====== Extracted information ======

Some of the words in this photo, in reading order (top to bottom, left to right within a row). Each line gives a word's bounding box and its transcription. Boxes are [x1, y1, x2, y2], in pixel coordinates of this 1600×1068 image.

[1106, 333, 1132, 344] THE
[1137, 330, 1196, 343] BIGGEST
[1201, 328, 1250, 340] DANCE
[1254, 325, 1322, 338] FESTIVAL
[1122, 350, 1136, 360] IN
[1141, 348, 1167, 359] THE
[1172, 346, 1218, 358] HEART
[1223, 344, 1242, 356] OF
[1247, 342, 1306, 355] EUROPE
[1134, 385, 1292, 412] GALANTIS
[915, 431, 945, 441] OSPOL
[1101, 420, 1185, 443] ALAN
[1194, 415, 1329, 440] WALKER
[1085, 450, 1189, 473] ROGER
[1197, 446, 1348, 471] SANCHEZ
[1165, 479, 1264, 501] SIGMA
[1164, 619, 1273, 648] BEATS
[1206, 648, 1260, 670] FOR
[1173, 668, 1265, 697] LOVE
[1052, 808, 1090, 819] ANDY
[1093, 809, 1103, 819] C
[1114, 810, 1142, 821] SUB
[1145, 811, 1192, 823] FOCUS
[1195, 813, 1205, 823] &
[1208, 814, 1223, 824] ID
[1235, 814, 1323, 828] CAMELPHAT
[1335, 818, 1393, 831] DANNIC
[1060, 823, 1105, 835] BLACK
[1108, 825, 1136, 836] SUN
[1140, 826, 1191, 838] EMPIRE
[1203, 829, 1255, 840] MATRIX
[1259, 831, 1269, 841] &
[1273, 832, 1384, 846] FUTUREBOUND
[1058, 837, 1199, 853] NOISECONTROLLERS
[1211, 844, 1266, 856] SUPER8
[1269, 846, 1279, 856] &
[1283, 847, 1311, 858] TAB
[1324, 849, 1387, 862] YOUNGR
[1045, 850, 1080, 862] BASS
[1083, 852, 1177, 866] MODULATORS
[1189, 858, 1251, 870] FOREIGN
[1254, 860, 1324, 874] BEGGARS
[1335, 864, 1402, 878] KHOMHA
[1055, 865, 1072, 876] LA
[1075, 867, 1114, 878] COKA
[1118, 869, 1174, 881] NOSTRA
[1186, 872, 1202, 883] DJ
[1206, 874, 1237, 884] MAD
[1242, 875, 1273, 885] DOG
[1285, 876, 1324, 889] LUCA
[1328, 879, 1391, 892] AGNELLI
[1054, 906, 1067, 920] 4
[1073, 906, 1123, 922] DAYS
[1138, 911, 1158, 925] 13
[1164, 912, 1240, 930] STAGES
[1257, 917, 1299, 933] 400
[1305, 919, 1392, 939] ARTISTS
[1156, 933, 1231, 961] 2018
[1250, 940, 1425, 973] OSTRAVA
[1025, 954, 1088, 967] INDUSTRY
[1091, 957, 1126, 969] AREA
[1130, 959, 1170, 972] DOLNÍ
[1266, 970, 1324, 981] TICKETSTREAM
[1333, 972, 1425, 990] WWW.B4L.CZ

======

_Exercise requirements_
Write each line above out exactly.

_Result of this task_
Some of the words in this photo, in reading order (top to bottom, left to right within a row). Each line gives a word's bounding box and its transcription. Boxes are [x1, y1, x2, y2], in pixel coordinates of this 1600×1068 image.

[1106, 333, 1132, 344] THE
[1137, 330, 1196, 343] BIGGEST
[1201, 328, 1250, 340] DANCE
[1254, 325, 1322, 338] FESTIVAL
[1122, 350, 1136, 360] IN
[1141, 348, 1167, 359] THE
[1172, 346, 1218, 358] HEART
[1223, 344, 1242, 356] OF
[1247, 342, 1306, 355] EUROPE
[1134, 385, 1292, 412] GALANTIS
[915, 431, 945, 441] OSPOL
[1101, 420, 1185, 443] ALAN
[1194, 415, 1329, 440] WALKER
[1085, 450, 1189, 473] ROGER
[1197, 446, 1348, 471] SANCHEZ
[1165, 479, 1264, 501] SIGMA
[1164, 619, 1273, 648] BEATS
[1206, 648, 1260, 670] FOR
[1173, 668, 1265, 697] LOVE
[1052, 808, 1090, 819] ANDY
[1093, 809, 1103, 819] C
[1114, 810, 1142, 821] SUB
[1145, 811, 1192, 823] FOCUS
[1195, 813, 1205, 823] &
[1208, 814, 1223, 824] ID
[1235, 814, 1323, 828] CAMELPHAT
[1335, 818, 1393, 831] DANNIC
[1060, 823, 1105, 835] BLACK
[1108, 825, 1136, 836] SUN
[1140, 826, 1191, 838] EMPIRE
[1203, 829, 1255, 840] MATRIX
[1259, 831, 1269, 841] &
[1273, 832, 1384, 846] FUTUREBOUND
[1058, 837, 1199, 853] NOISECONTROLLERS
[1211, 844, 1266, 856] SUPER8
[1269, 846, 1279, 856] &
[1283, 847, 1311, 858] TAB
[1324, 849, 1387, 862] YOUNGR
[1045, 850, 1080, 862] BASS
[1083, 852, 1177, 866] MODULATORS
[1189, 858, 1251, 870] FOREIGN
[1254, 860, 1324, 874] BEGGARS
[1335, 864, 1402, 878] KHOMHA
[1055, 865, 1072, 876] LA
[1075, 867, 1114, 878] COKA
[1118, 869, 1174, 881] NOSTRA
[1186, 872, 1202, 883] DJ
[1206, 874, 1237, 884] MAD
[1242, 875, 1273, 885] DOG
[1285, 876, 1324, 889] LUCA
[1328, 879, 1391, 892] AGNELLI
[1054, 906, 1067, 920] 4
[1073, 906, 1123, 922] DAYS
[1138, 911, 1158, 925] 13
[1164, 912, 1240, 930] STAGES
[1257, 917, 1299, 933] 400
[1305, 919, 1392, 939] ARTISTS
[1156, 933, 1231, 961] 2018
[1250, 940, 1425, 973] OSTRAVA
[1025, 954, 1088, 967] INDUSTRY
[1091, 957, 1126, 969] AREA
[1130, 959, 1170, 972] DOLNÍ
[1266, 970, 1324, 981] TICKETSTREAM
[1333, 972, 1425, 990] WWW.B4L.CZ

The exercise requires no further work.